-- TASK DATA follows --
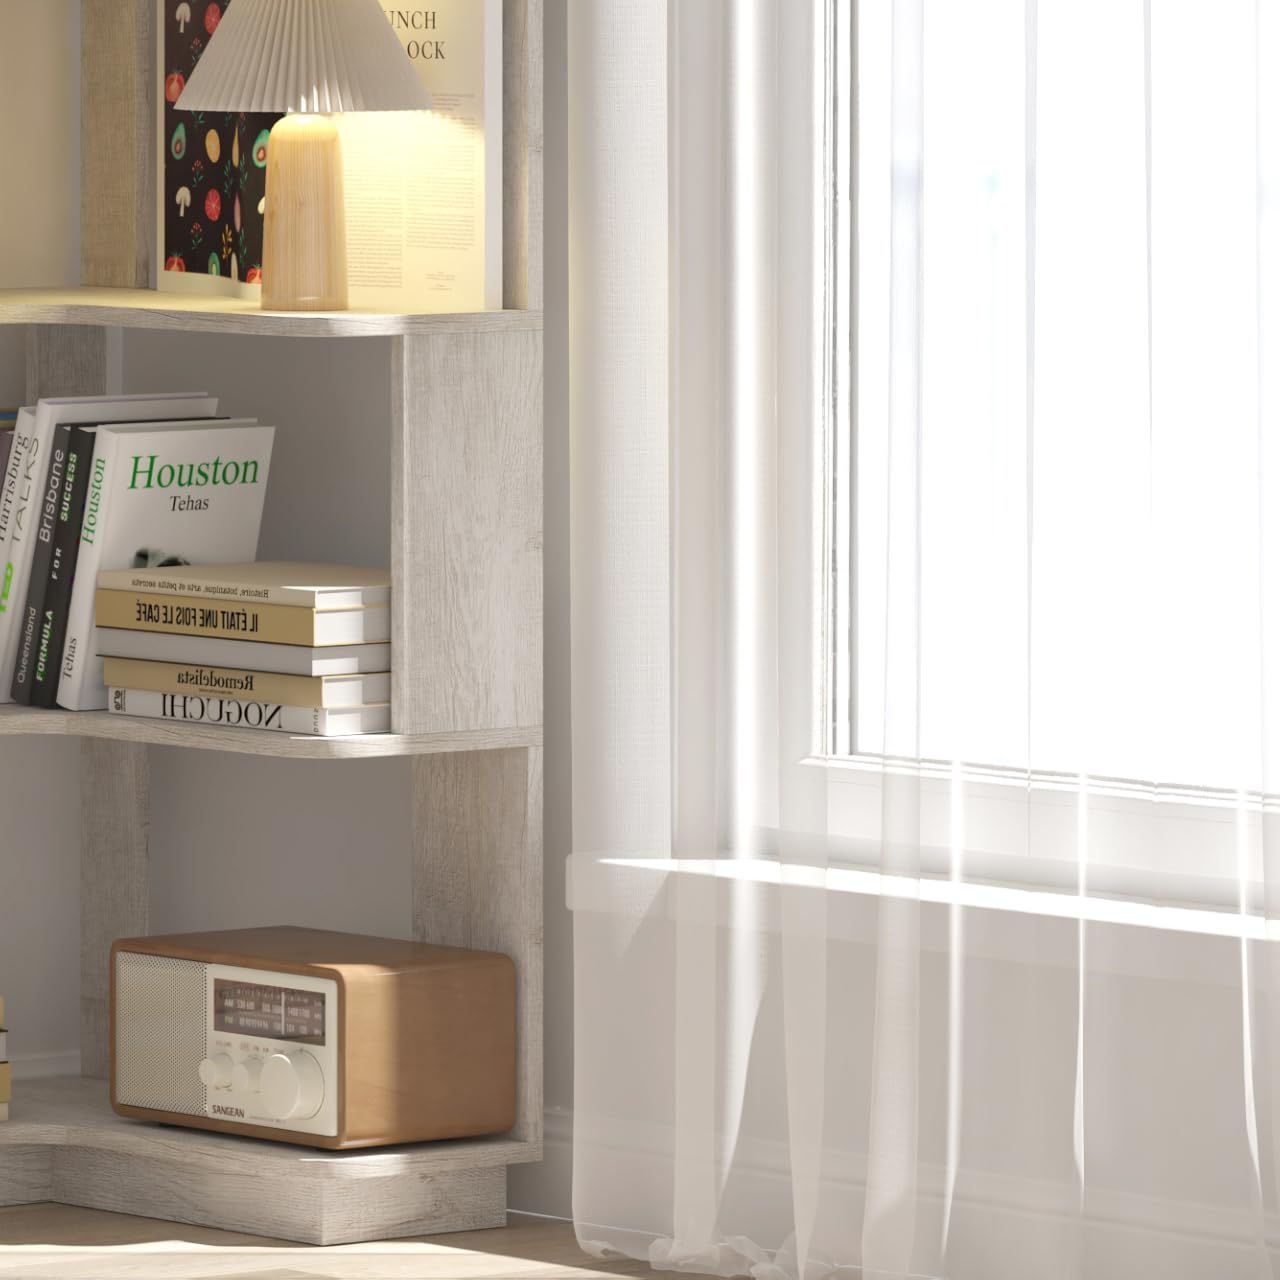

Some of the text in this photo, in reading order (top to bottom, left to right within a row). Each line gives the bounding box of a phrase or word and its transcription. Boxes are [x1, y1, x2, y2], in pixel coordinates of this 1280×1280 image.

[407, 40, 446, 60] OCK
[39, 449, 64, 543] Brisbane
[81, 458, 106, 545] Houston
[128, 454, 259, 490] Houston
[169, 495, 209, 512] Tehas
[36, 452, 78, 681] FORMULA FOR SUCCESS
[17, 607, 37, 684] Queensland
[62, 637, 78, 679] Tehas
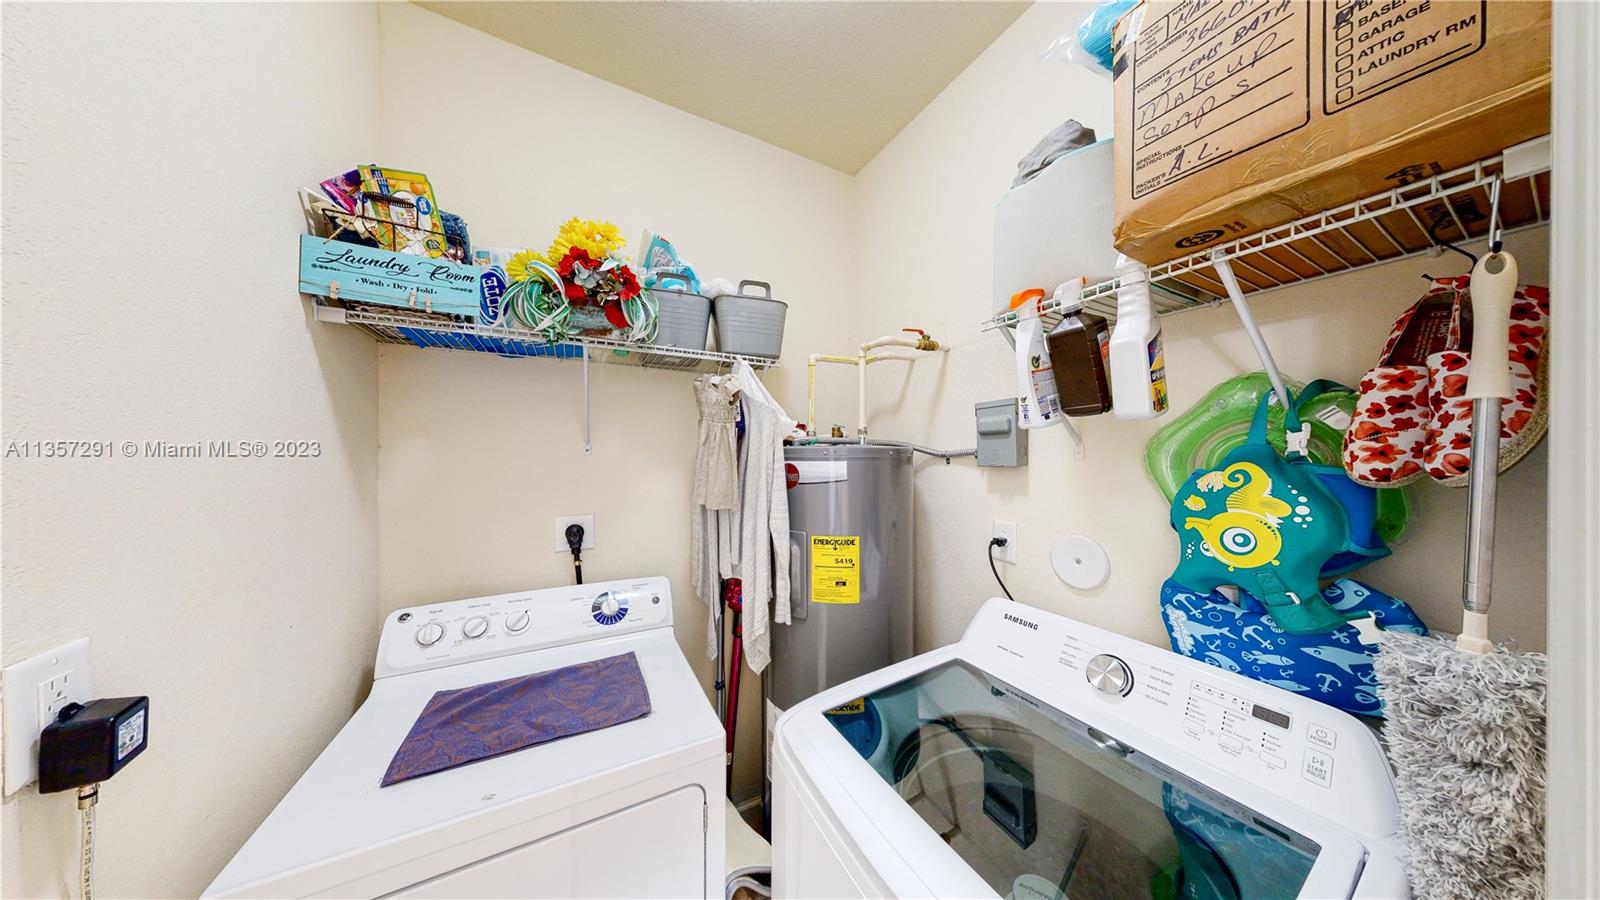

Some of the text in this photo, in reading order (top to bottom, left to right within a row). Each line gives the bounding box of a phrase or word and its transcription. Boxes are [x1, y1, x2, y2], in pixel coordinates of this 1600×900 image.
-- TASK DATA concluded --
All the lines above should be reproduced exactly, and none of the pictures.

Some of the text in this photo, in reading order (top to bottom, left to right within a row). Each line gives the bounding box of a phrase or word and its transcription. Boxes are [x1, y1, x2, y2], in pixel coordinates of this 1280×1280 image.

[407, 40, 446, 60] OCK
[39, 449, 64, 543] Brisbane
[81, 458, 106, 545] Houston
[128, 454, 259, 490] Houston
[169, 495, 209, 512] Tehas
[36, 452, 78, 681] FORMULA FOR SUCCESS
[17, 607, 37, 684] Queensland
[62, 637, 78, 679] Tehas

Some of the text in this photo, in reading order (top to bottom, left to right within a row). Each line gives the bounding box of a phrase or word and its transcription. Boxes are [x1, y1, x2, y2], in pixel coordinates of this 1600×900 image.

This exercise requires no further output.